§ Task item
Aside from the pictures, the entries should be given again exactly.

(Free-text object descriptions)
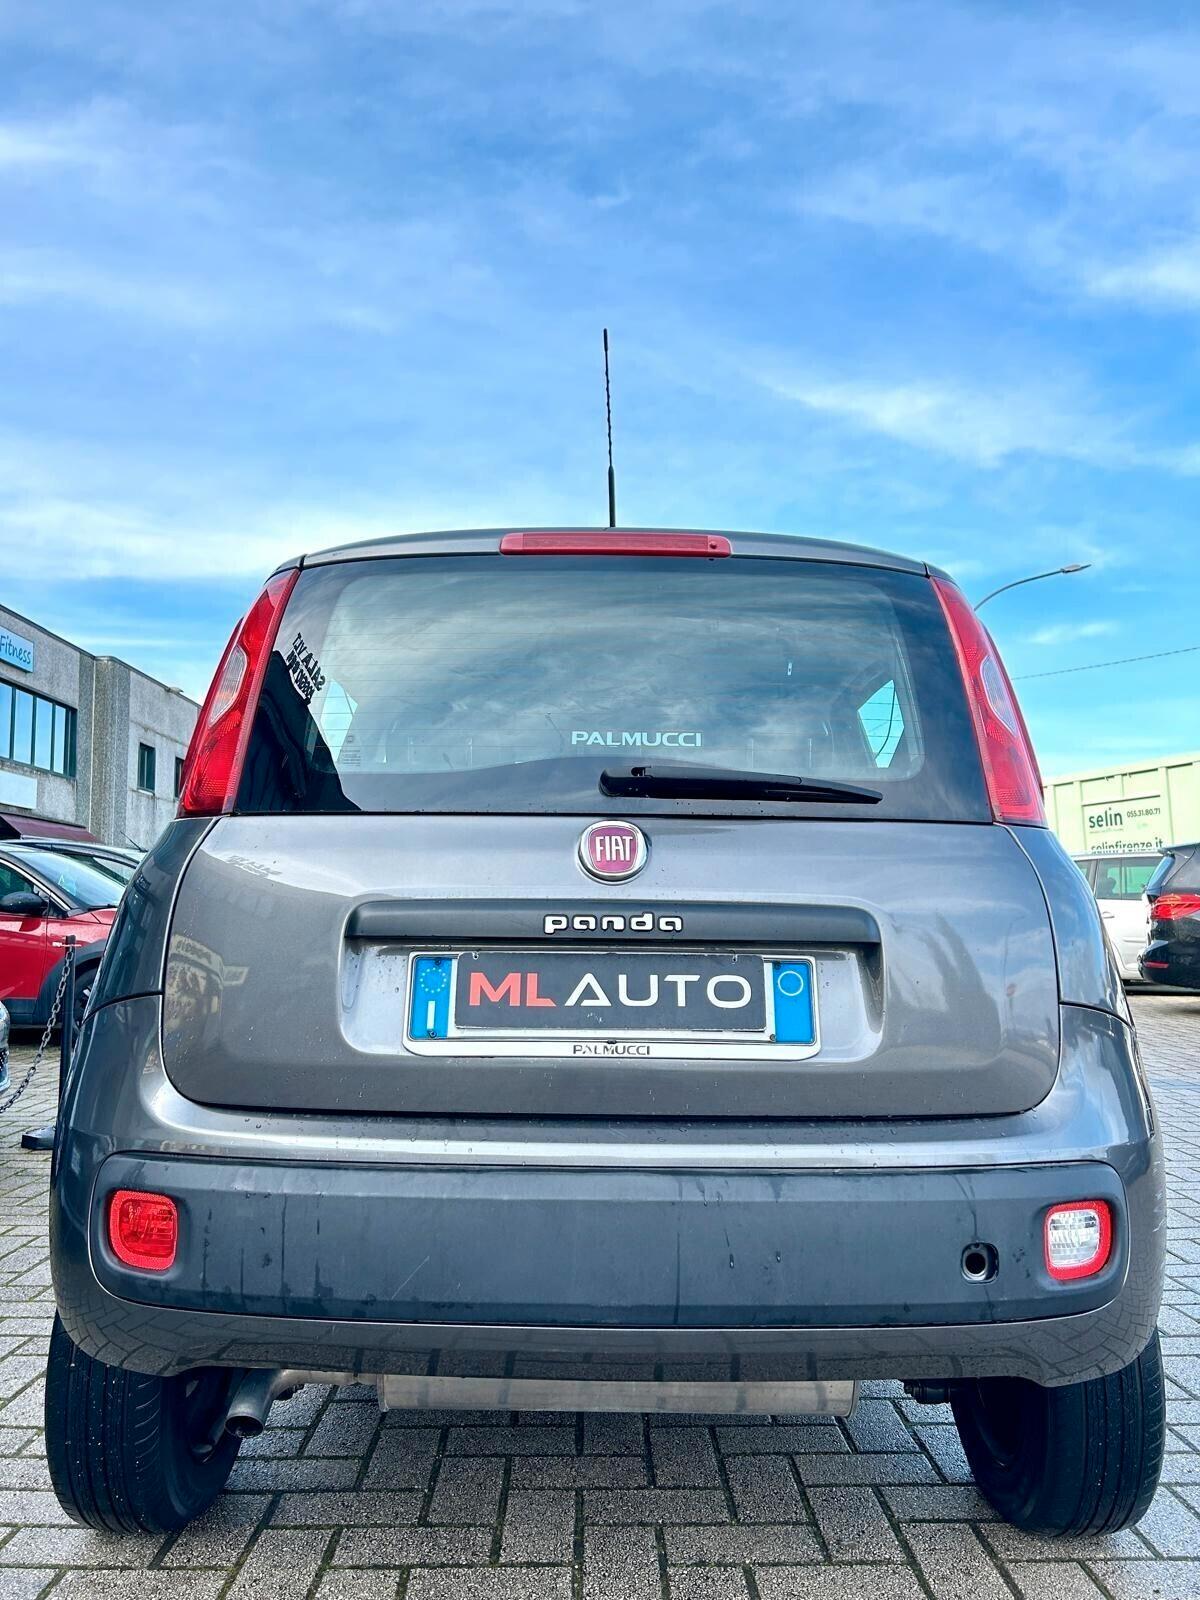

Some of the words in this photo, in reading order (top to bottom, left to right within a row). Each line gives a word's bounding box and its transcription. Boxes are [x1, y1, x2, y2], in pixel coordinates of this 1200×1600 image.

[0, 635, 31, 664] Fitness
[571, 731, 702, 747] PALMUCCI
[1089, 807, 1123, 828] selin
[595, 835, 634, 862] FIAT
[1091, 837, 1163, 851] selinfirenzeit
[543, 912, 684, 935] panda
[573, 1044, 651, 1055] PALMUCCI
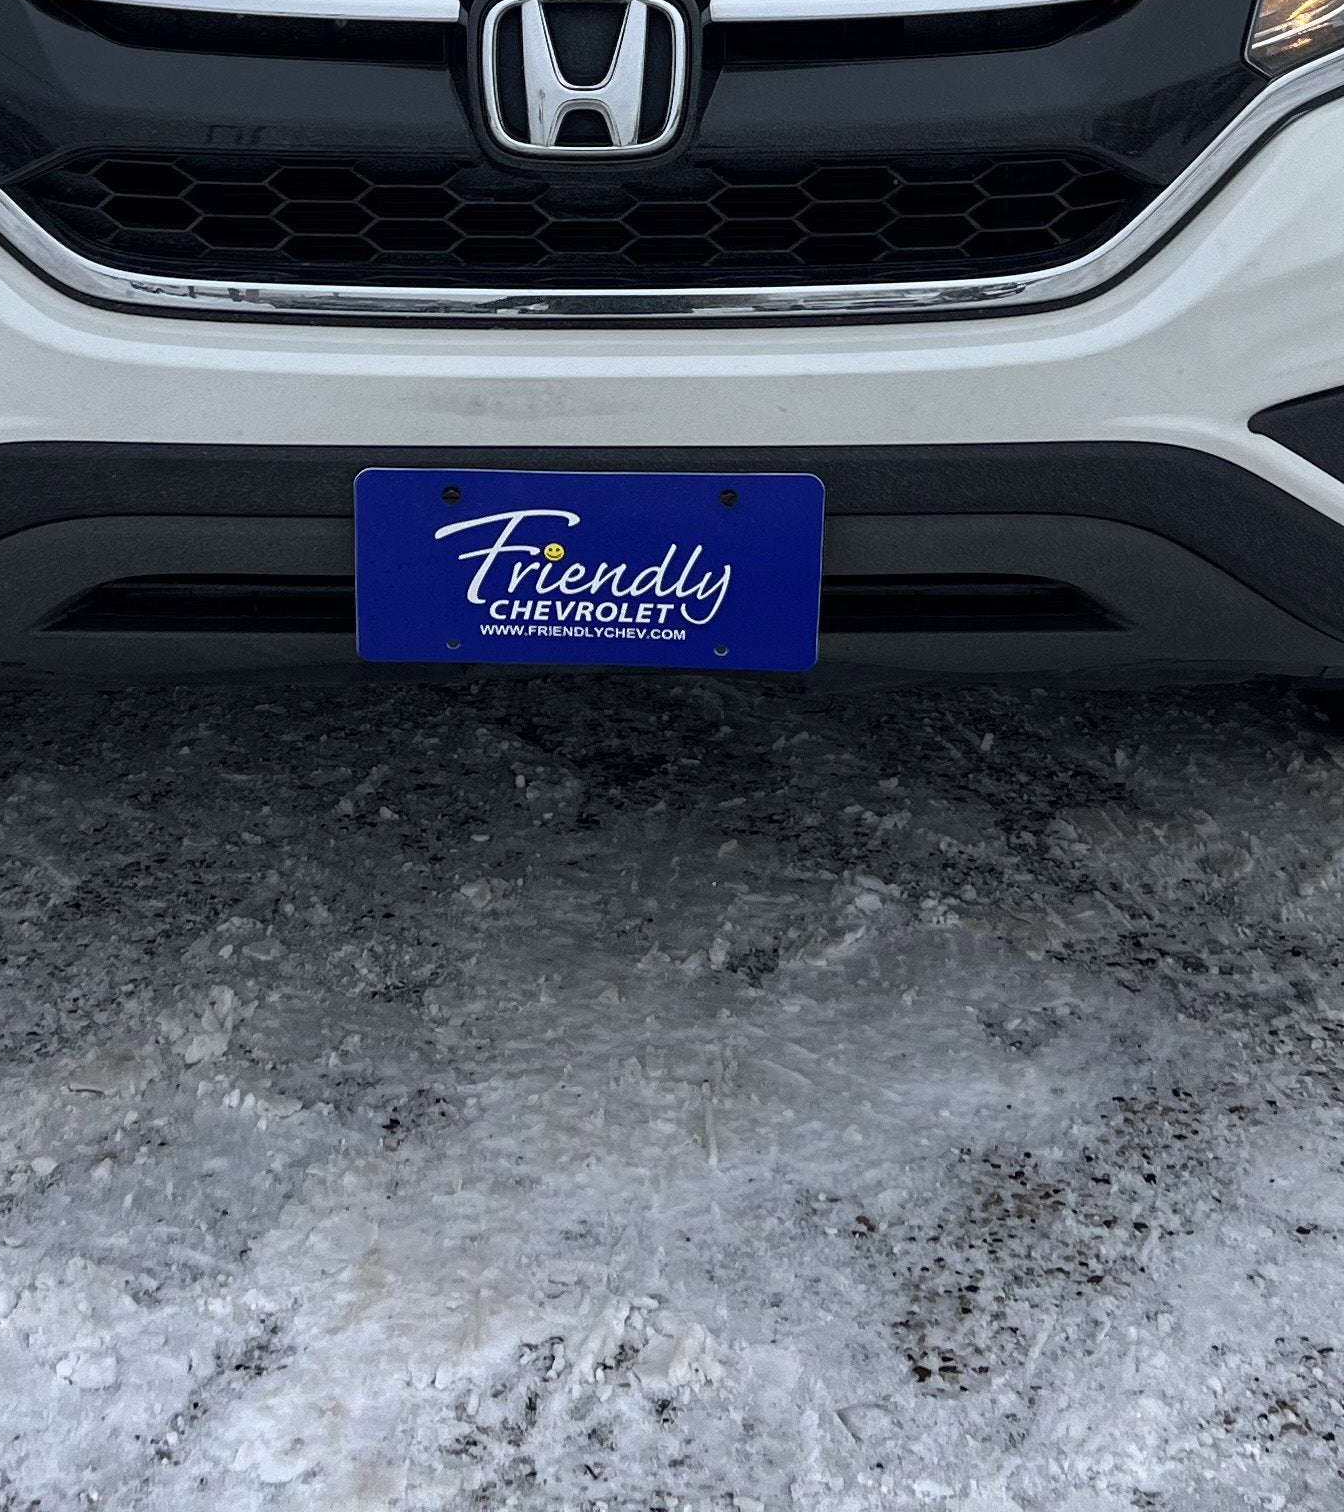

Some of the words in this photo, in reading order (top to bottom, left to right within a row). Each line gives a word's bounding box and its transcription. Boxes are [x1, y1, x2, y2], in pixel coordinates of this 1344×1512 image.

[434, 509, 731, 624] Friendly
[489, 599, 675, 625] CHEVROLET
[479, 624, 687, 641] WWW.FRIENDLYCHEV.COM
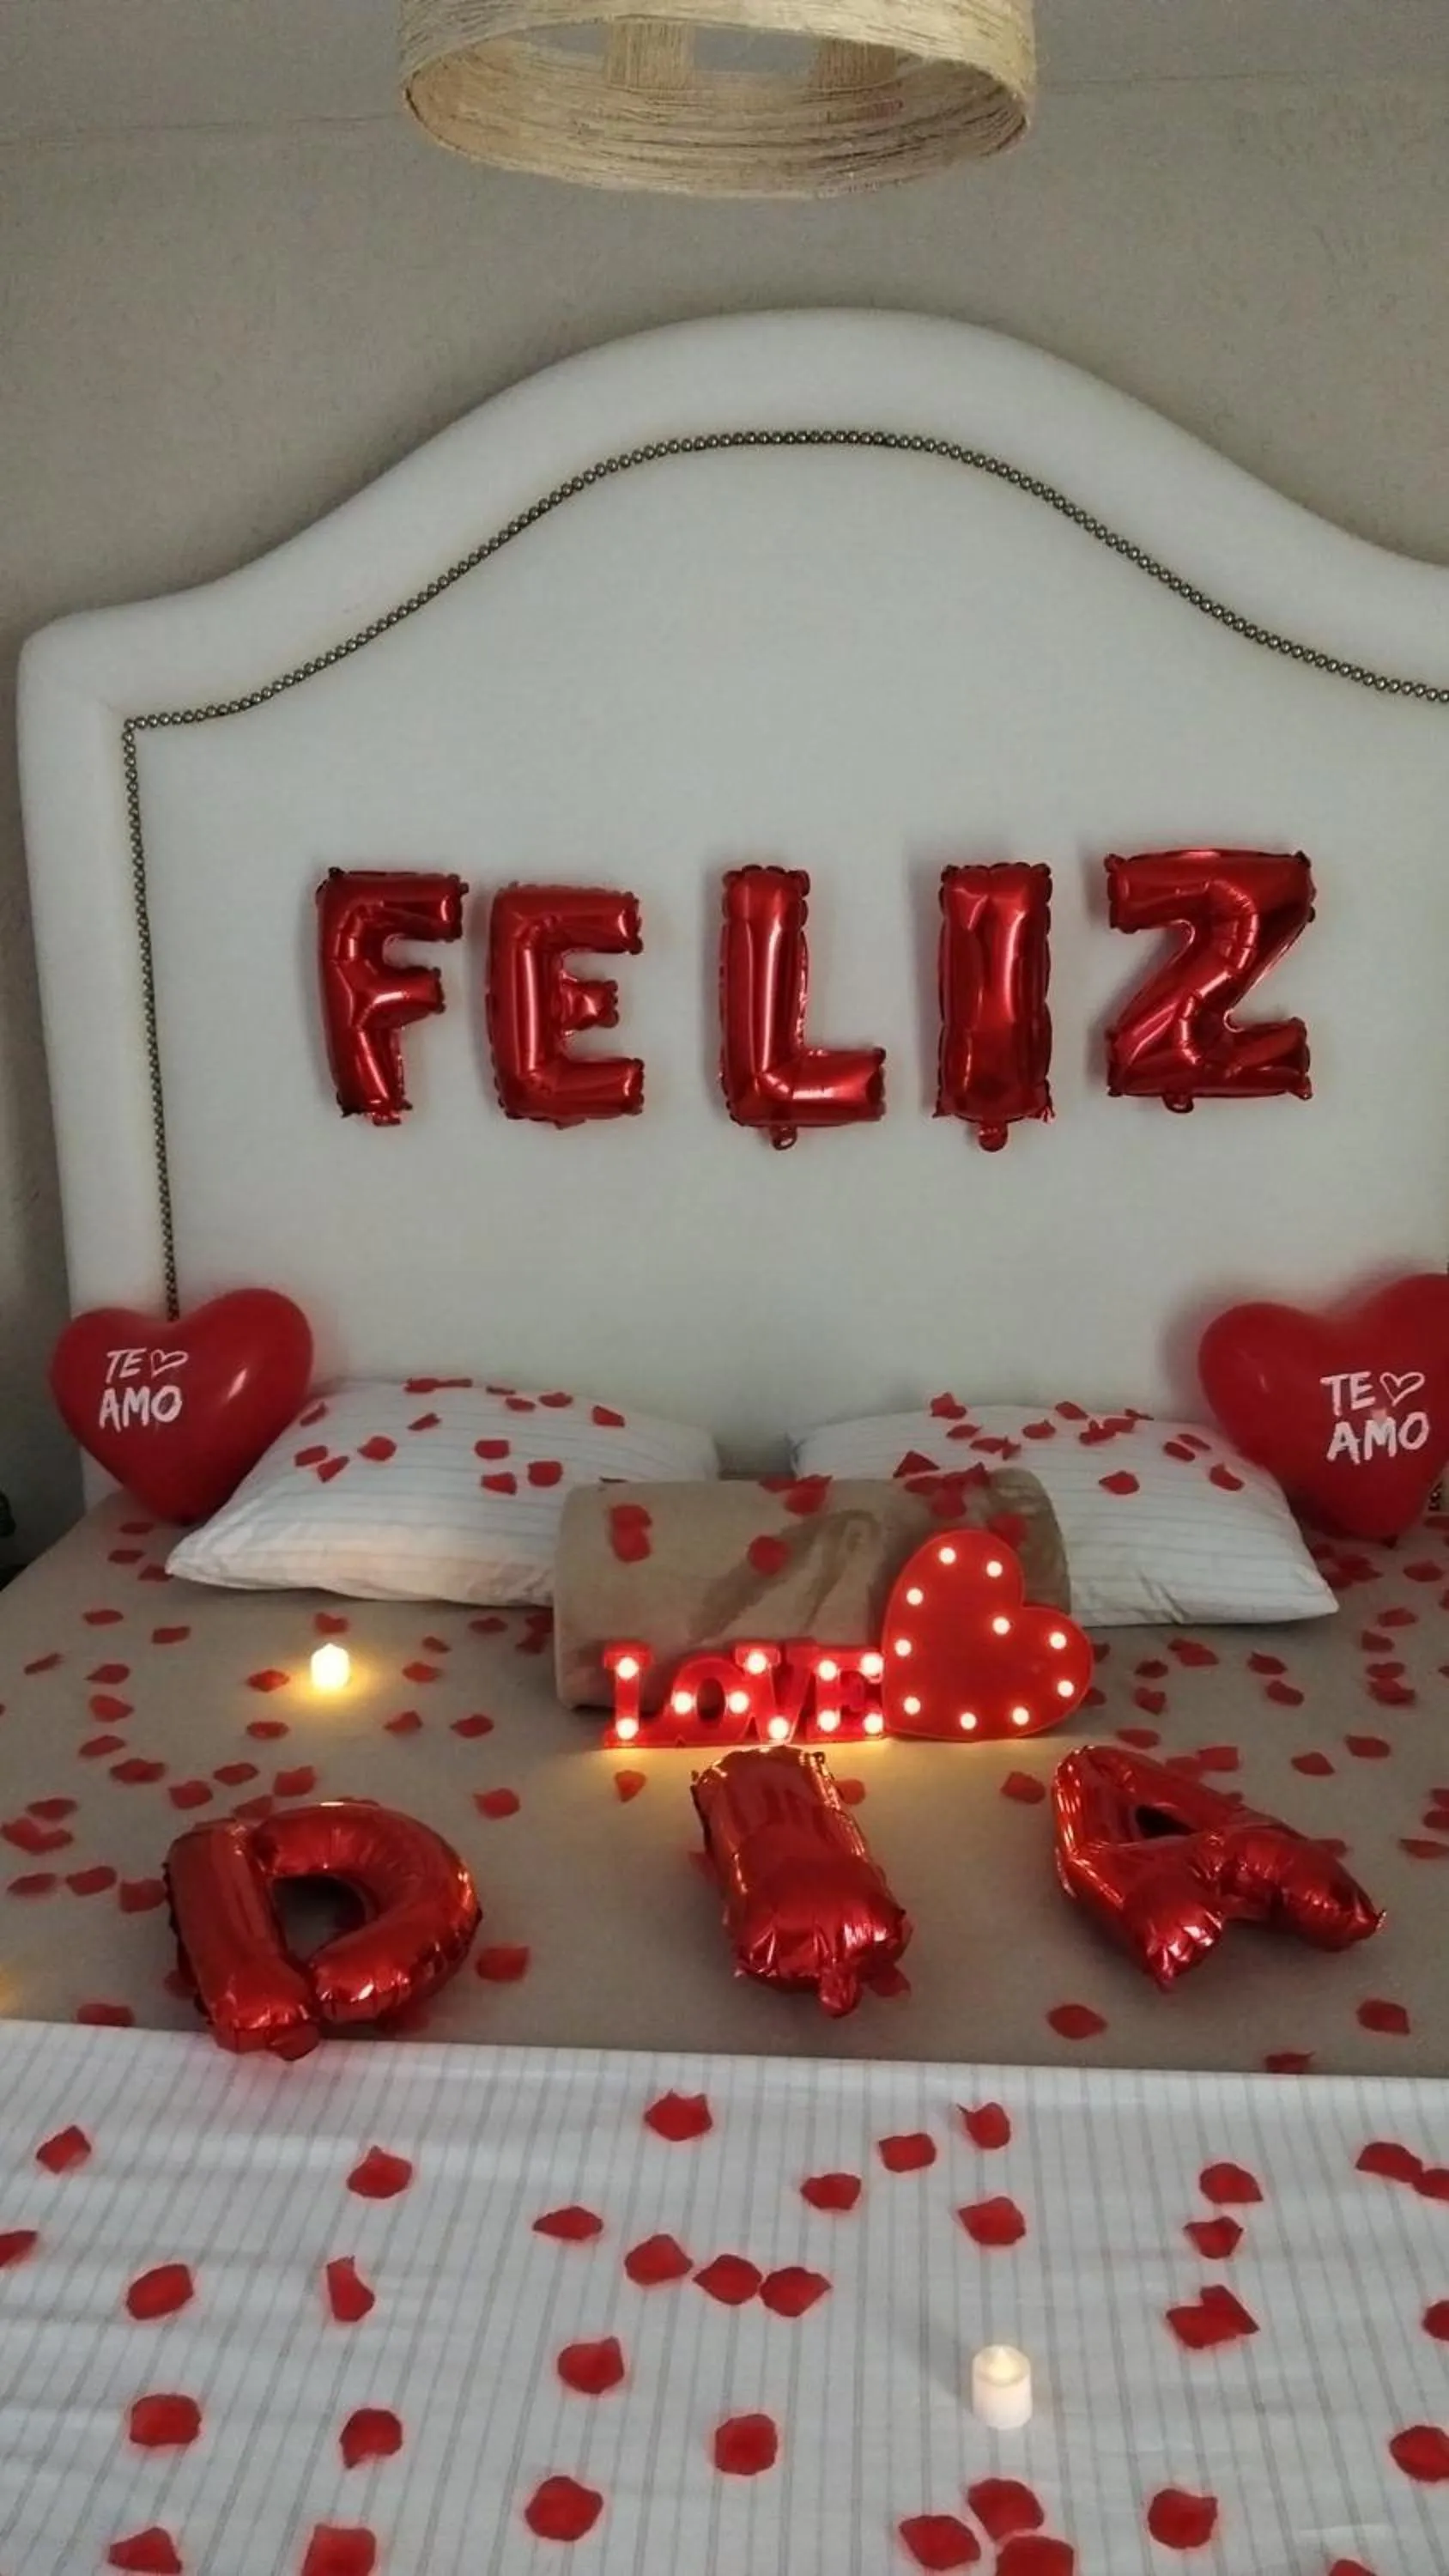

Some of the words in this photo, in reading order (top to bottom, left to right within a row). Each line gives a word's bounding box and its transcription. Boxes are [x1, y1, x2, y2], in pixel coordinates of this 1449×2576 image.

§ Written response
Some of the words in this photo, in reading order (top to bottom, left to right within a row). Each line gives a word's bounding box and its transcription. Boxes are [x1, y1, x2, y2], in pixel coordinates of this 1200×1600 image.

[0, 635, 31, 664] Fitness
[571, 731, 702, 747] PALMUCCI
[1089, 807, 1123, 828] selin
[595, 835, 634, 862] FIAT
[1091, 837, 1163, 851] selinfirenzeit
[543, 912, 684, 935] panda
[573, 1044, 651, 1055] PALMUCCI

Some of the words in this photo, in reading order (top to bottom, left to right within a row). Each line gives a word's bounding box and its transcription. Boxes are [x1, y1, x2, y2], in pixel coordinates of this 1344×1512 image.

[434, 509, 731, 624] Friendly
[489, 599, 675, 625] CHEVROLET
[479, 624, 687, 641] WWW.FRIENDLYCHEV.COM

Some of the words in this photo, in reading order (top to bottom, left to right within a row). Each line gives a word's bounding box and its transcription. Boxes are [x1, y1, x2, y2], in pixel coordinates of this 1449×2576 image.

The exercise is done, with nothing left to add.